Die Tempelwände in diesem Gebäude waren mit Bronze- und Weißgoldblechen verkleidet, der Tempelboden mit Silber, das den Urozean darstellen sollte, die Decken als Himmel mit Lapislazuli und Gold. Auch die Götter- und Königsfiguren waren in diesem Teil des Tempels aus edleren Steinen als im Säulenvorhof, zu dem auch das Volk Zutritt hatte. Die Statuen waren aus Granit oder Basalt farblich wie Menschen gestaltet. Besonders die Augen dieser Statuen, die aus Bergkristall aus dem Sinai bestanden, faszinierten mich. Im Licht von Fackeln und Kohlebecken sah ich etliche Schritte vor mir Priester und Tempeldiener die Abendriten für Ptah und Sekhmet im steinernen Götterschrein durchführen. Von Nebenräumen, Magazinen, Sakristeien, Archiven, Kapellen für kleinere Götter umgeben, lag zentral und irgendwie zu klein geraten die Kapelle des Allerheiligsten mit dem Granitschrein für das Götterbild des Ptah, und auf einem Sockel in einem Nebenraum die tragbare Barke für Prozessionen des Gottes. Diese Kapelle war der Sitz der Gottheit inmitten des Tempels, der verkleinert dem Kosmos entsprach. Obwohl ich noch nie einen Tempel betreten hatte, erkannte ich sofort die Bedeutung der verschiedenen Räume und Bauelemente. Es hatte sich gelohnt, Imhoteps Schriften über Architektur mit meinem Vater zusammen zu lesen.
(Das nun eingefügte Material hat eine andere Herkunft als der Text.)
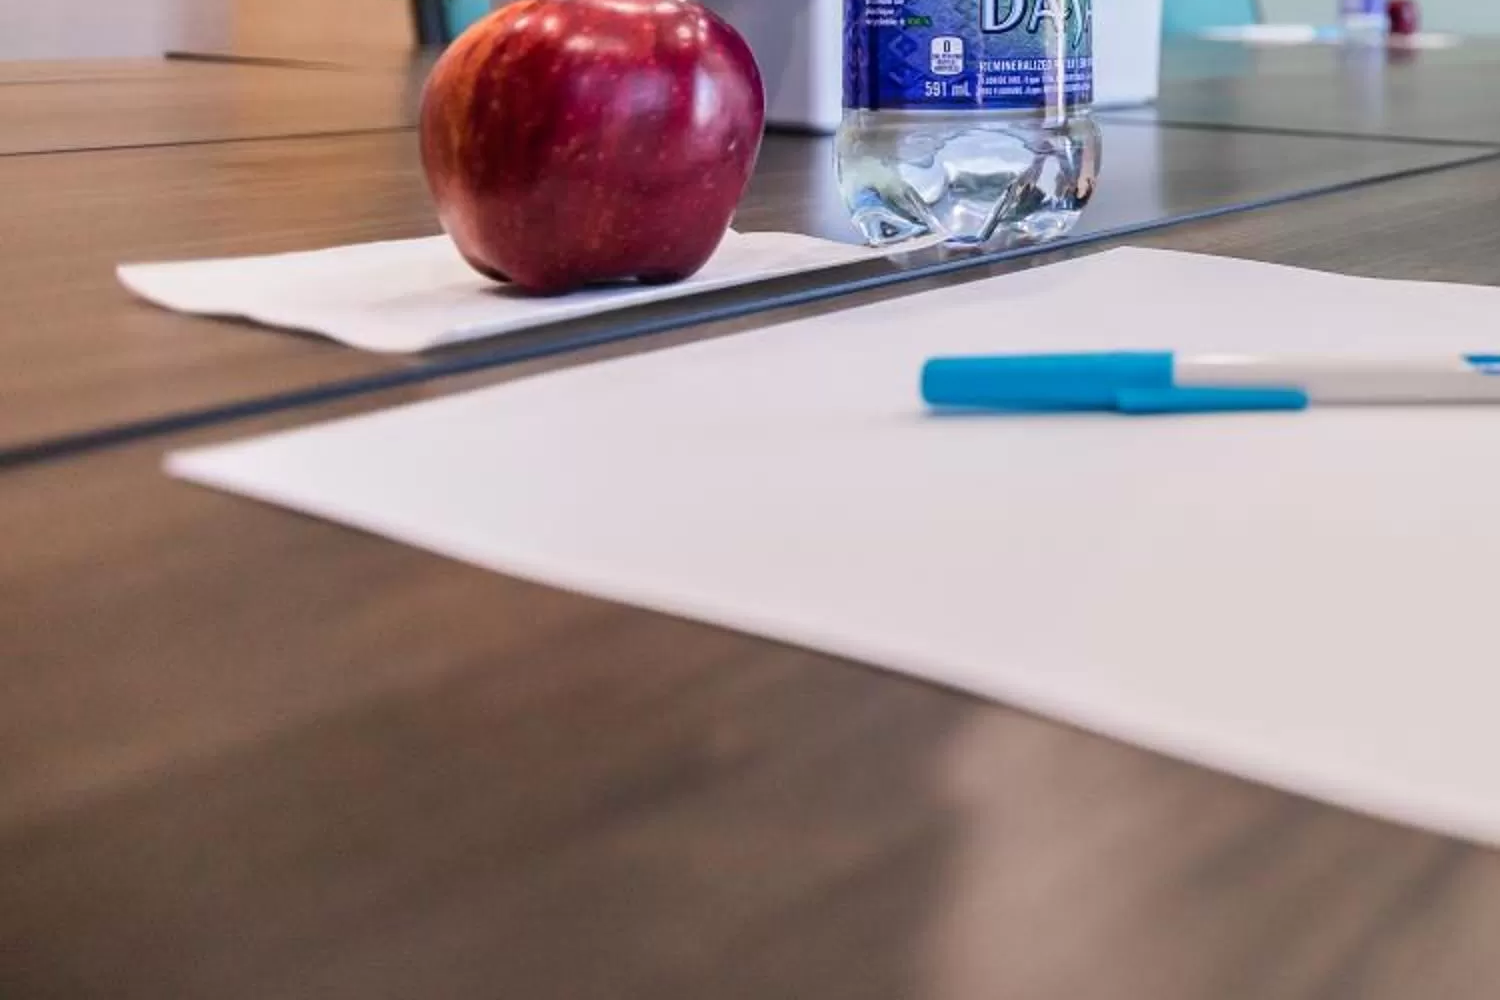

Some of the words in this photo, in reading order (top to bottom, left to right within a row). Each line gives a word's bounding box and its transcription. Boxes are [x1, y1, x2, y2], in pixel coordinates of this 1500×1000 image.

[943, 39, 951, 53] 0
[925, 81, 947, 97] 591
[951, 81, 972, 97] mL
»Morgen Früh wirst du zum ersten Mal an den heiligen Morgenriten teilnehmen, Nefrit!«, erklärte Sethi. »Der Tag beginnt sehr früh bei uns im Tempel, bereits lange vor Erscheinen des Re. Du erhebst dich von deinem Lager, sobald du den Weckruf vom Tempeldach vernimmst. Dann gehst du mit den anderen Schülern hinunter zum Heiligen See und reinigst deinen Körper. Sobald Re den Horizont überschritten hat, wartest du mit den anderen, bis ein Priester euch abholt.«
Die Wohnräume für die Schüler und Schülerinnen der Tempelschule befanden sich im hinteren Teil des Tempels direkt am Heiligen See. Ich teilte meine Kammer mit Iya.
Iya war kaum älter als ich. Unter ihrem durchscheinenden Gewand zeichneten sich die Umrisse ihres Körpers ab. Sie war das anmutigste Wesen, das ich je gesehen hatte. Jedes ihrer Worte wurde von einer Bewegung ihrer Hände begleitet.